Le nombre de « pionnières rurales », des femmes qui font office de guides et du porte-à-porte pour sensibiliser les villageois, s’élève à 427 dans les villages d’Assouan. La plupart d’entre elles font partie de la nouvelle génération. Ces dernières se rendent dans les écoles pour parler de ce sujet afin que les filles comprennent leurs droits et réalisent que leur corps est leur responsabilité et pas un jouet entre les mains de n’importe qui, pas même les personnes les plus proches. « Ma fille Arine a 9 ans, je l’ai protégée de l’excision et j’ai pu même sauver ma jeune soeur. J’ai appris à ma fille ce qu’on veut dire par le mot excision et elle m’accompagne dans les rencontres et les visites de sensibilisation aux familles pour rendre plus crédible ce message de lutte contre l’excision », s’exprime Alaa Allah Salah, 30 ans, pionnière rurale, diplômée de la faculté des sciences sociales. Elle explique aux gens que le meilleur moyen de protéger leurs filles est d’entretenir une bonne communication avec elles. Au cours des différentes étapes de la vie, les mamans doivent tisser une relation amicale avec elles et cela doit commencer au plus jeune âge. Cette relation de respect, de partage et d’échange renforce le lien de confiance entre mère et fillette. Et dans différentes situations, la maman est là pour donner ses conseils.

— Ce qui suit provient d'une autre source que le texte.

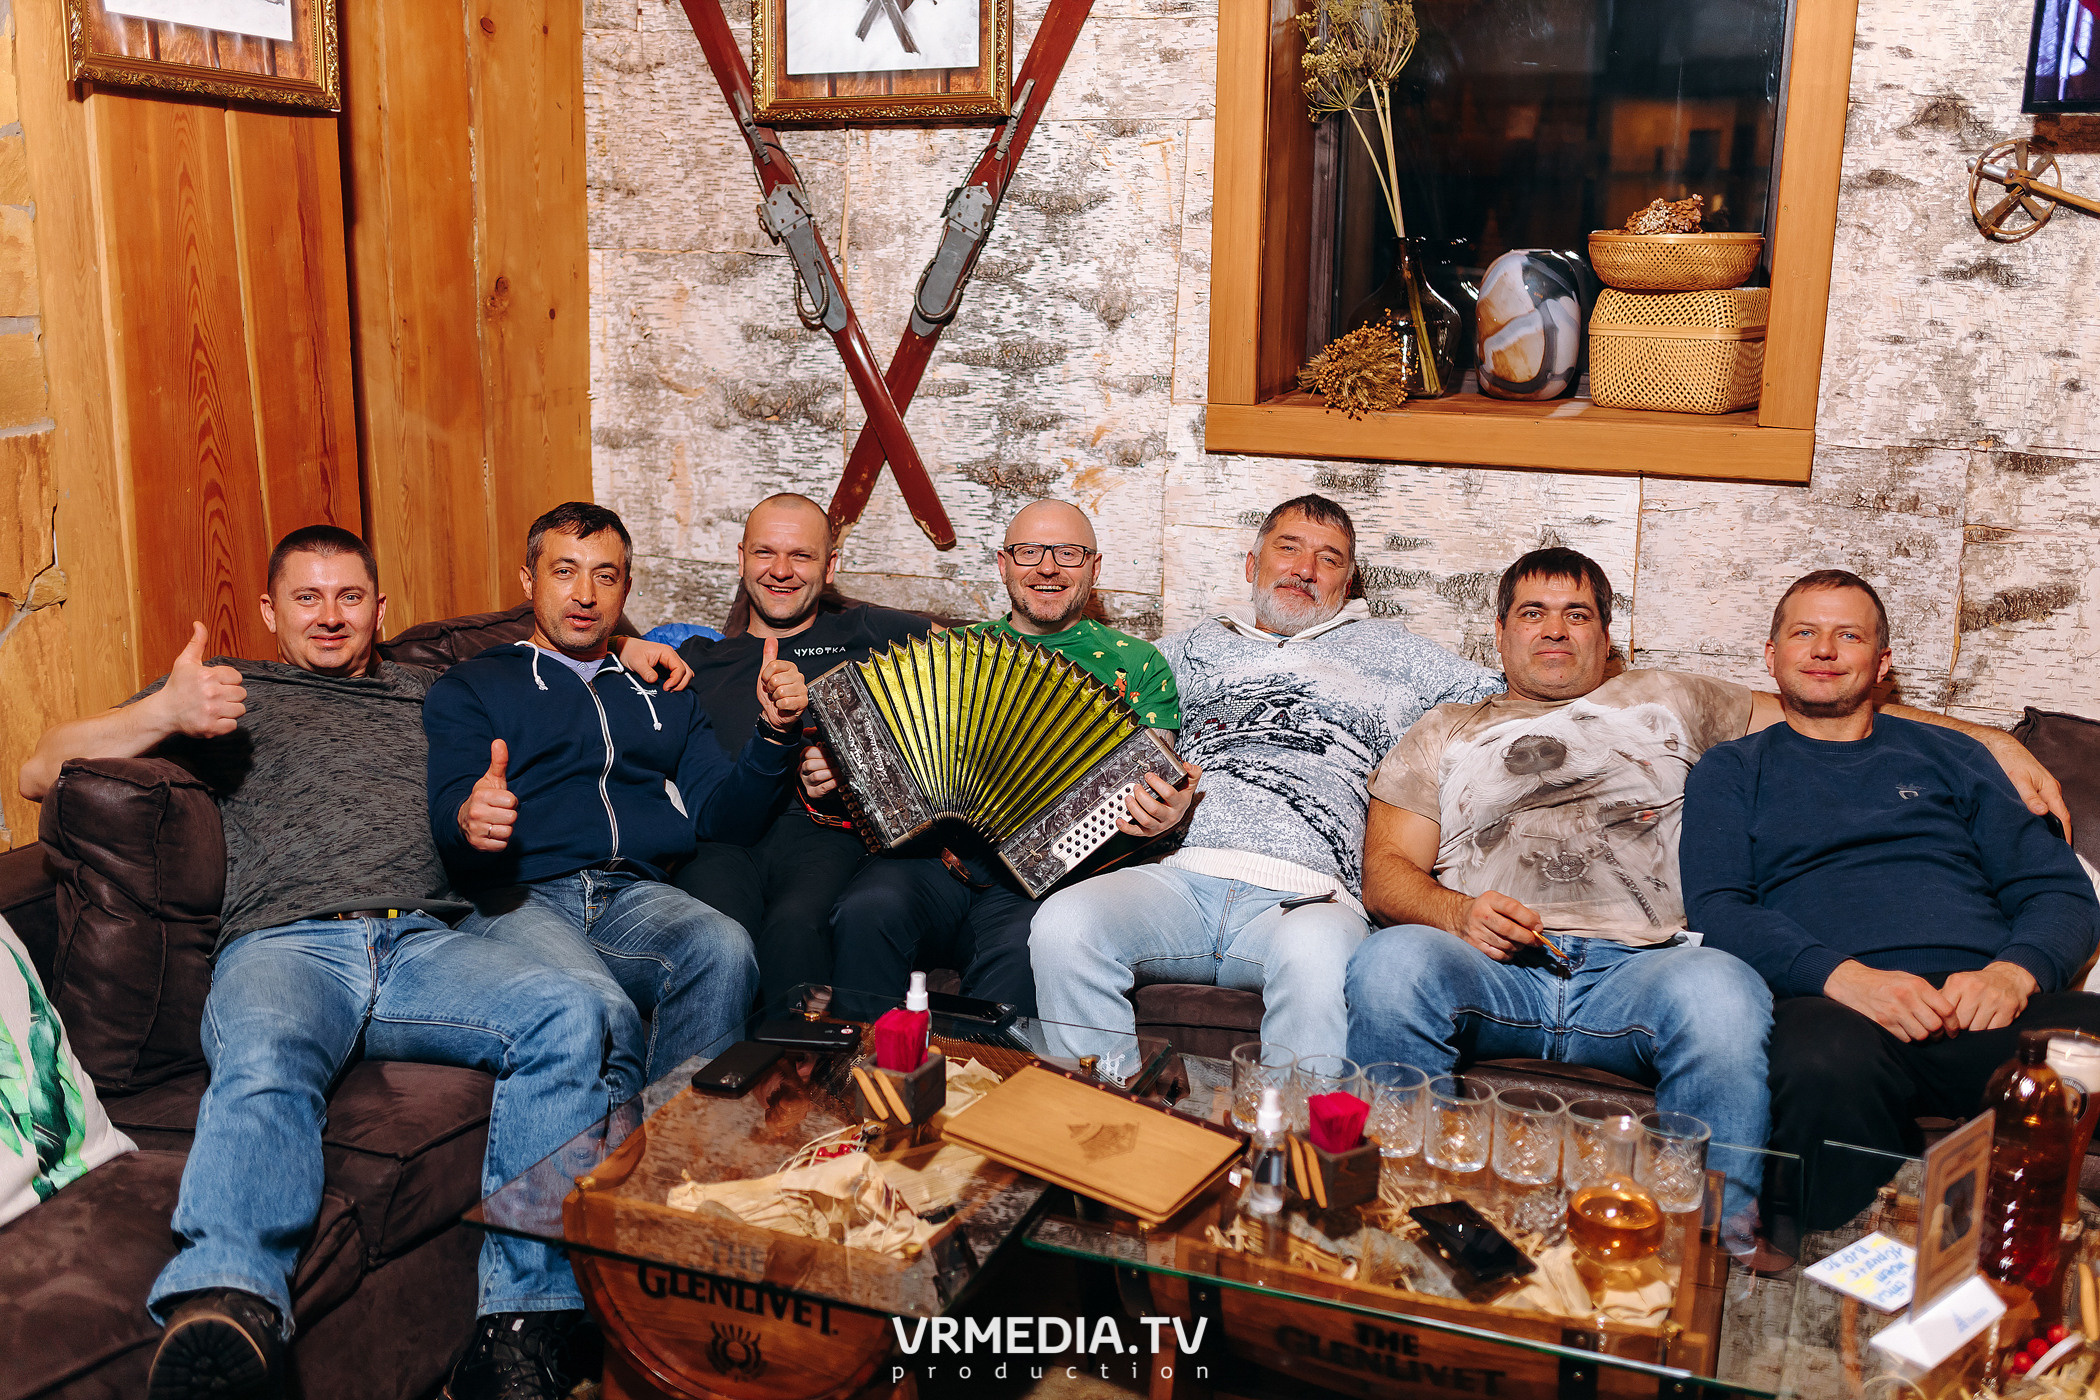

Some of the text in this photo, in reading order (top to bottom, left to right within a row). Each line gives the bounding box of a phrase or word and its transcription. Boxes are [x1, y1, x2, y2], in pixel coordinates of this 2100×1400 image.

[793, 646, 846, 657] ЧУКОТКА
[707, 1238, 767, 1275] THE
[1353, 1321, 1420, 1357] THE

Une pratique en recul, mais …

D’après l’Agence centrale pour la mobilisation publique et les statistiques (CAPMAS), le taux des filles excisées de l’âge zéro à 19 ans en 2021 a diminué de 14 %, alors qu’en 2014, ce taux était de 21 %. En effet, l’influence des mamans qui étaient favorables à la pratique de l’excision a baissé au cours de ces mêmes années de l’étude, passant de 35 à 13 %. D’autres statistiques indiquent qu’en 2021, le taux des médecins ou des infirmiers qui ont effectué l’excision a baissé pour atteindre 84 %, alors qu’il était de 94 % en 2014. « Conscientiser les gens lorsqu’un médecin pratique lui-même l’excision est plus difficile que lorsqu’on attaque une sage-femme, car on pouvait convaincre en disant que cette dernière est inculte. Malheureusement, les médecins ont donné une légitimité à l’excision », souligne Magdi Helmi.

Pourtant, il arrive parfois que les habitants du village Binbane utilisent des ruses pour contourner la loi. Ahmad, 18 ans, confie que ses 3 soeurs ont été excisées par un médecin. Suite à cela, il a demandé discrètement à ses parents de ne pas inviter les proches et les voisins pour célébrer l’événement comme cela se fait ailleurs, car l’excision est officiellement interdite.

Depuis 2008, l’excision est punie par la loi qui prévoit une amende et une peine de prison allant de 3 mois à 2 ans. Ultérieurement, la loi n° 10 de l’année 2021 a rendu la peine plus sévère pour ceux qui exercent l’excision, médecins ou autres, soit 7 ans de prison. Grâce au durcissement des peines, l’excision est passée d’une coutume ancestrale à un crime susceptible d’emprisonnement à vie au cas où la fille meurt à la suite de cette pratique.